[TASK DATA]
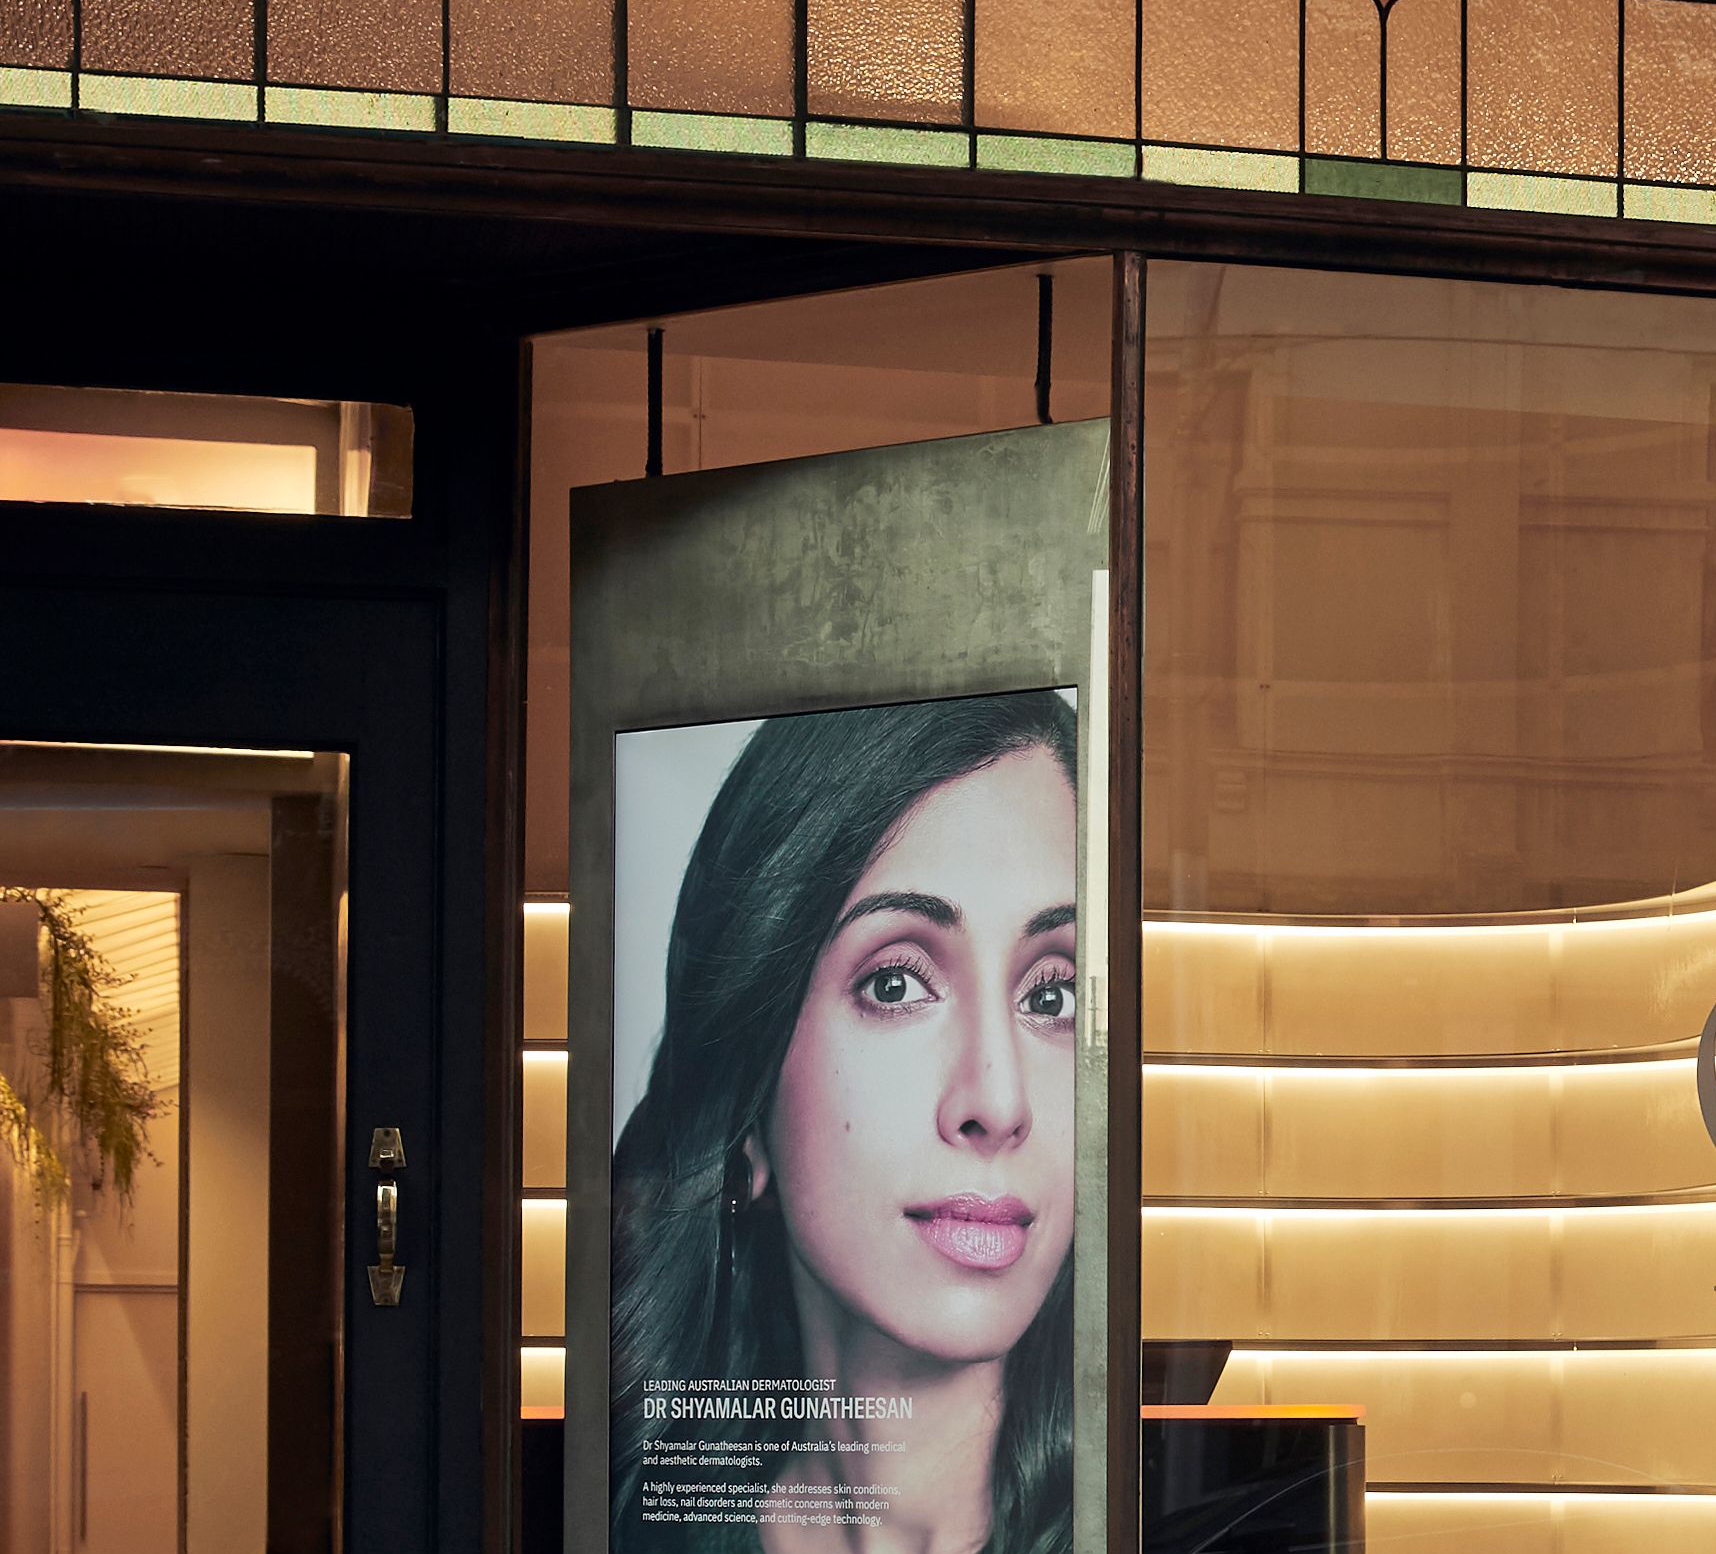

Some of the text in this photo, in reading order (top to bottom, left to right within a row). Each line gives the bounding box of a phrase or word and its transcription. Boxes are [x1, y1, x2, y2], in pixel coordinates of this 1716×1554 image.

[643, 1379, 836, 1391] LEADING AUSTRALIAN DERMATOLOGIST
[643, 1397, 913, 1419] DR SHYAMALAR GUNATHEESAN
[643, 1440, 652, 1451] Dr
[654, 1440, 697, 1452] Shyamalar
[698, 1440, 753, 1451] Gunatheesan
[755, 1440, 762, 1451] is
[763, 1443, 779, 1451] one
[781, 1441, 790, 1451] of
[837, 1441, 869, 1454] leading
[871, 1441, 907, 1452] medical
[643, 1455, 763, 1468] and aesthetic dermatologists.
[643, 1482, 901, 1496] A highly experienced specialist, she addresses skin conditions,
[643, 1496, 889, 1510] hair loss, nail disorders and cosmetic concerns with modern
[643, 1511, 882, 1527] medicine, advanced science, and cutting-edge technology.

[TASK TO CARRY OUT]
Copy the entries character for character, excluding any pictures.

[OUTPUT OF THE EXERCISE]
Some of the text in this photo, in reading order (top to bottom, left to right within a row). Each line gives the bounding box of a phrase or word and its transcription. Boxes are [x1, y1, x2, y2], in pixel coordinates of this 1716×1554 image.

[643, 1379, 836, 1391] LEADING AUSTRALIAN DERMATOLOGIST
[643, 1397, 913, 1419] DR SHYAMALAR GUNATHEESAN
[643, 1440, 652, 1451] Dr
[654, 1440, 697, 1452] Shyamalar
[698, 1440, 753, 1451] Gunatheesan
[755, 1440, 762, 1451] is
[763, 1443, 779, 1451] one
[781, 1441, 790, 1451] of
[837, 1441, 869, 1454] leading
[871, 1441, 907, 1452] medical
[643, 1455, 763, 1468] and aesthetic dermatologists.
[643, 1482, 901, 1496] A highly experienced specialist, she addresses skin conditions,
[643, 1496, 889, 1510] hair loss, nail disorders and cosmetic concerns with modern
[643, 1511, 882, 1527] medicine, advanced science, and cutting-edge technology.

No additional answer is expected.